The EU regulatory body will meet no later than December 29 to decide on the Pfizer vaccine
Pfizer and BioNTech previously announced that they officially applied to the EU on Monday for conditional approval of their vaccine.
The European Medicines Agency (EMA) announced on Tuesday that it will convene an extraordinary meeting no later than December 29 to decide on the conditional approval of the COVID-19 vaccine, developed by the German company BioNTech in cooperation with the American company Pfizer.
The information was provided by the news agency AFP.
“If the data submitted are sufficient to assess the quality, efficacy and safety of the vaccine, EMA … will complete the evaluation process at an emergency meeting scheduled for December 29 at the latest,” she said in a statement to the European Union regulator EMA.
Pfizer and BioNTech previously announced that they officially applied to the EU for conditional approval of their vaccine on Monday. They did so after a similar request in the US.

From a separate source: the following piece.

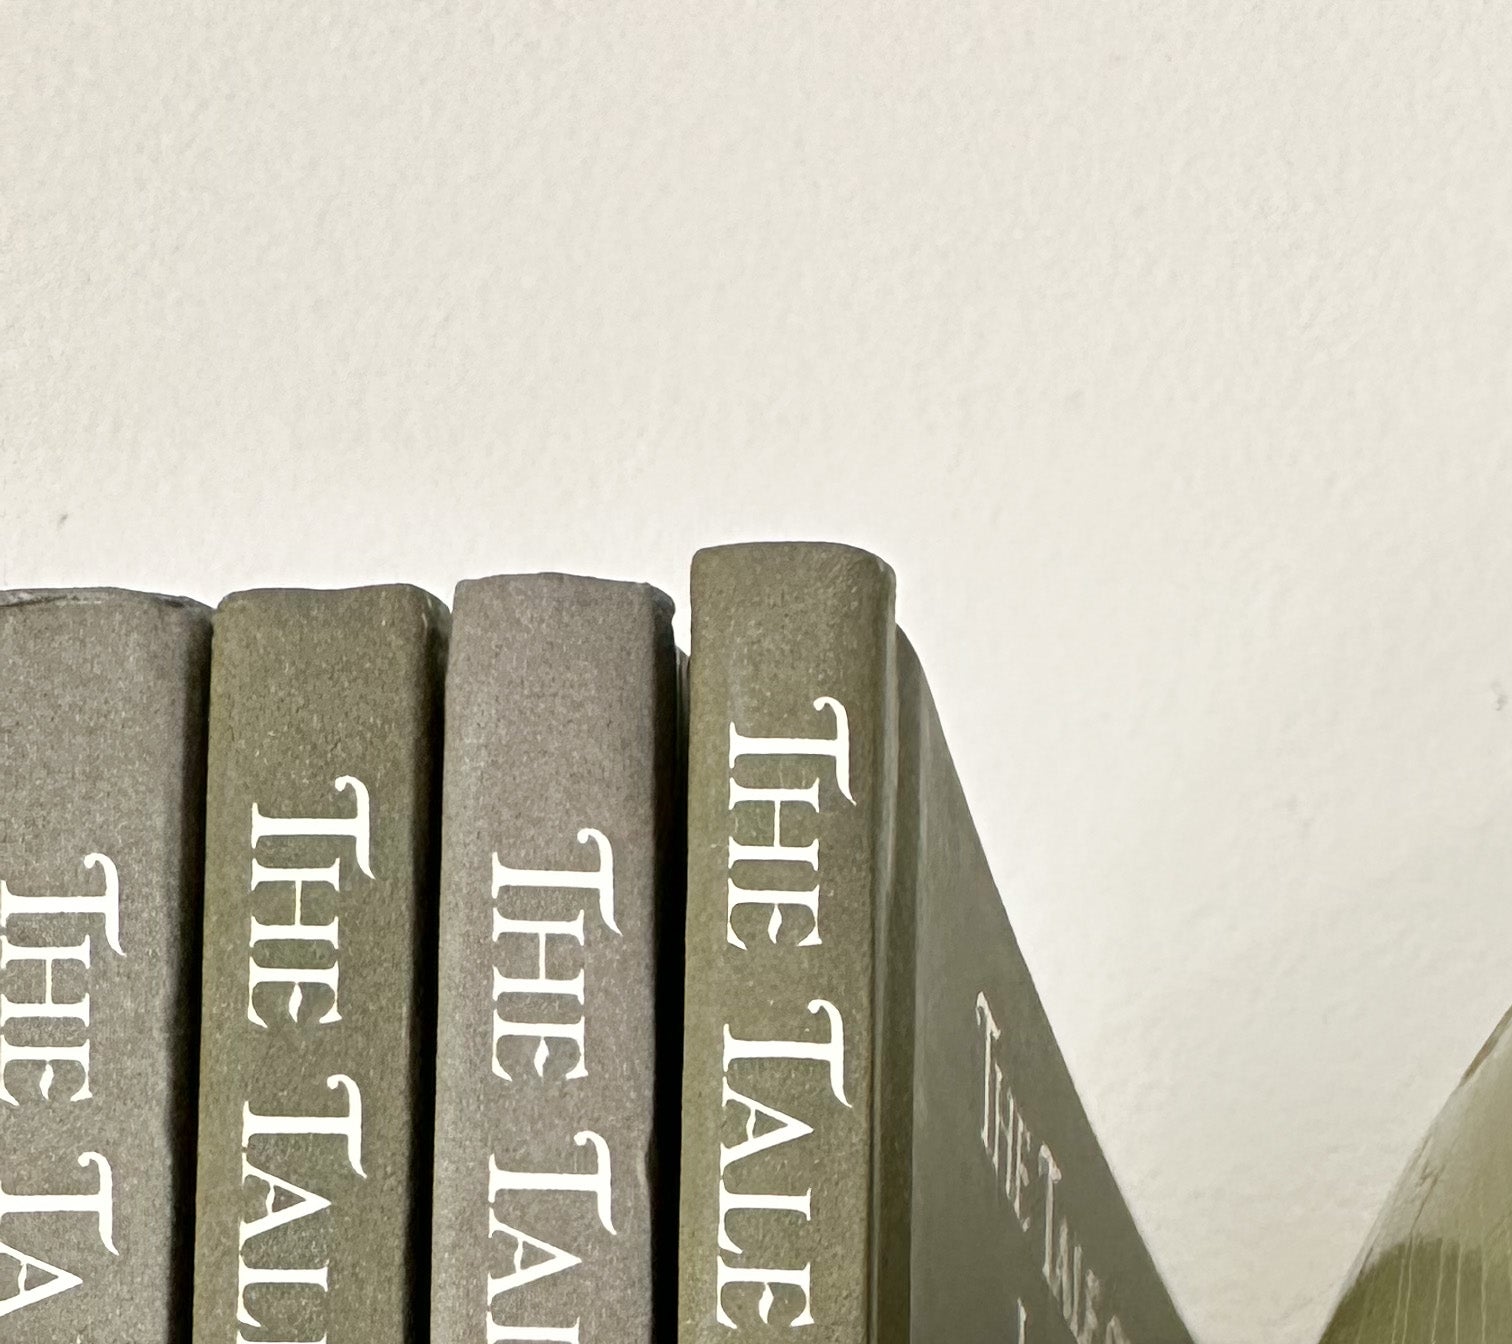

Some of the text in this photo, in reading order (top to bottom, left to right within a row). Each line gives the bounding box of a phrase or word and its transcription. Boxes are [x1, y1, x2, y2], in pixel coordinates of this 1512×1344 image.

EMA has confirmed receipt of an application for conditional registration of new coronavirus vaccines from Pfizer and BioNTech. Pfizer, in collaboration with the small German company BioNTech, which specializes in new mRNA technology for the production of vaccines, joined the American company Moderna, which also on Monday asked the EU regulatory authority for conditional approval of its vaccine.
If the conditions are met, registration decisions can be issued within a few weeks. The goal is to make the vaccine available in Europe by the end of the year, wrote the DPA news agency.
Like Moderna, BioNTech and Pfizer have also applied to the US Food and Drug Administration (FDA) for approval.